And additionally just more, as you know, the more produced water you have, the harder it is on chemistry, the more their need is for specialty chemistry. And frankly you know one of our bigger customers is internal. We’re providing the chemistry for all of our recycling. And so there’s been a number of kind of tailwinds around that special chemistry that’s delivered the returns where we are. We took a step back this quarter. It is completion driven, but we’re still pretty excited about it.
Don Crist: All right, I appreciate the color there. And John, maybe one for you, obviously there has been some large M&A in the basin – or in the Permian Basin in particular. Any thoughts on that consolidation and how that may benefit Select going forward, is it better for you given your larger company bias?
John Schmitz: Yes, Don, we think it is. A lot of those transactions you’re seeing were on both sides because we are sizable when we do have a good customer base. But just as important, we’re also integrated a lot with a lot of our customers’ infrastructure now. So we have integrations to take our asset bases, our different wells pipes recycling facilities and put them in a system. And that system just got larger with this. So – and I’ll also say that the acquirers here that we keep saying are very good customers for us with alignment because of the size of our either automation, the technology, the sources, the movement within it. And there – they’re doing this primarily with produced water and we all know produced water has a different environmental effect to it and we’re very focused on whether it’s hose development automation control, leak detection, that environmental application risk profile was favorable to the buyers here.
Michael Skarke: And John, if I may add, I mean, I – Don, I’d point you to the release we had in August with Endeavor where we announced 300,000 barrels a day of recycled water delivering almost $8.5 million barrels to a single location. I mean, that’s a really sophisticated technical highly engineered solution moving produced water from multiple sources, and there’s just not a lot of companies. I don’t know if there is another company that can pull off a job like that. And so it’s going to be the larger companies that are going to do things at that kind of scale and in doing that they’re going to look to a trusted partner, they can accomplish a project like that and I think that Select Water.
Don Crist: All right, I appreciate the color.
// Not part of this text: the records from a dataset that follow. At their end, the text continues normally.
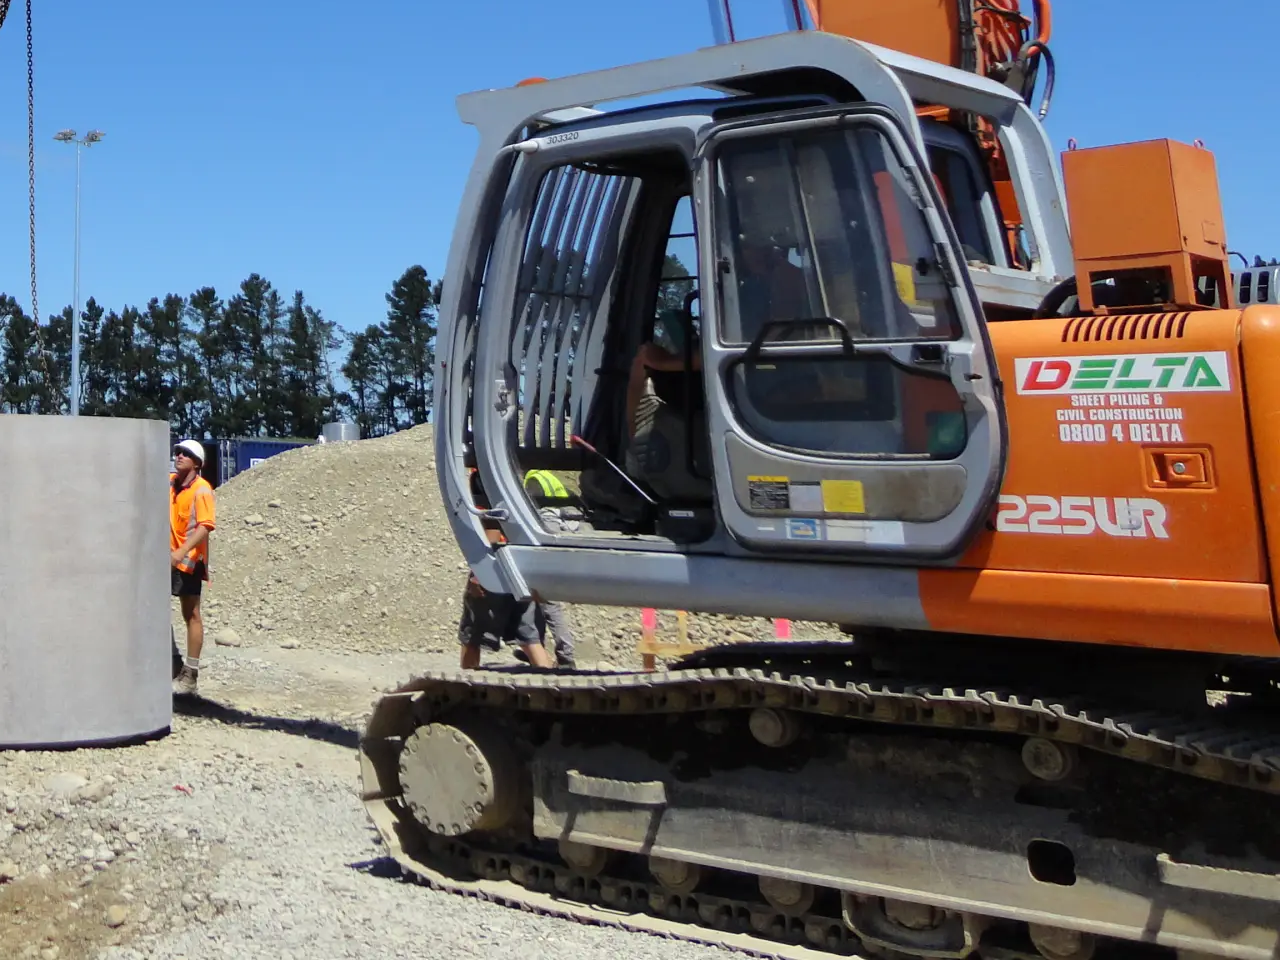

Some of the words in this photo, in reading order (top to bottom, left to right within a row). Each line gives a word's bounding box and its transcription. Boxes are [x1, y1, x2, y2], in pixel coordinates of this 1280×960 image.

[547, 131, 579, 144] 303320
[1021, 356, 1222, 390] DELTA
[1071, 394, 1106, 407] SHEET
[1109, 393, 1150, 406] PILING
[1153, 393, 1163, 405] &
[1056, 409, 1086, 421] CIVIL
[1089, 408, 1183, 421] CONSTRUCTION
[1060, 424, 1106, 442] 0800
[1111, 424, 1124, 442] 4
[1129, 423, 1184, 442] DELTA
I I’ll turn it back. Thanks, guys.
Michael Skarke: Thank you.
Operator: Thank you. Next question comes from the line of John Daniel with Daniel Energy. Please go ahead.
John Daniel: Hi, guys, thanks for having me. I’m away from my computer so I don’t have all the data in front of me but I’m curious, can you remind me what your recycling capacity is today, sort of what the utilization of that capacity is, and then just a reasonable growth rate that you would expect over the next couple of years.
Michael Skarke: We’ve got about $3 million barrels or so of daily capacity, roughly half of that is going to be fixed facilities, half of that’s going to be mobile facilities where we’re adding to both, but really focused on the fixed facilities because those are going to be the ones that are supported by long-term contracts. A majority of those facilities are in the Permian as you’re aware, John. There’s one in the DJ where a majority of the current opportunity set we’re looking at are in the Permian, but there are several that are outside of the Permian. And as other basins transition the opportunity for recycling just continues to expand. In terms of where we can take it, we’re pretty ambitious, we think that the market is going to continue to transition, it’s going to need an industry leader.
And I think that’s us. I’d probably stop short on saying we’re going to be this time next year, but if it’s not materially higher everyone in this room would be very disappointed.
John Daniel: Yes, fair enough. A little bit of an add-on a follow on to Don’s question, like when you all start building out the recycling capabilities, is it safe to assume that the larger – I’m going to say more sophisticated operators are the clients that are not the small guys or am I mistaken on that?
Michael Skarke: It’s actually kind of interesting because we really – we have interest in our recycling solutions from the largest operators to some that I really honestly wasn’t aware of until those conversations took off. I think there’s more opportunity on the larger because the economies of scale that exist but there’s certainly the ability to pull together a couple of smaller opportunities and still underwrite a commercial recycling facility and move forward and further integrate it into other solutions. So, I wouldn’t ignore the small ones, but it’s a definitely heavier weighted to midsize and larger.
Nick Swyka: And I’d add that – really there, it demonstrates that the value this brings, it’s great for the environment. It’s more sustainable. It’s leaving freshwater in the ground, addressing seismicity, but it’s also reducing costs for our customers. And we do this at scale economically and whether you’re a small operator or a large operator, we can help your wells be more productive at a lower cost.
Michael Skarke: And I think that’s a good point, Nick. The larger and mid-sized operators are generally those that are more focused on the stewardship and the environmental component, so that would be a bias towards them as well.
John Daniel: Right, so in this case the consolidation is actually a positive for you simplistically, right?
John Schmitz: John, it’s very big positive, and you can point to one of the past ones that we actually announced and that’s one of the acquired companies that just got announced. And as that acquired company got announced, we added two more deals to that recycling facility because of the scale and scope of the surrounding acreage that got put in the deal.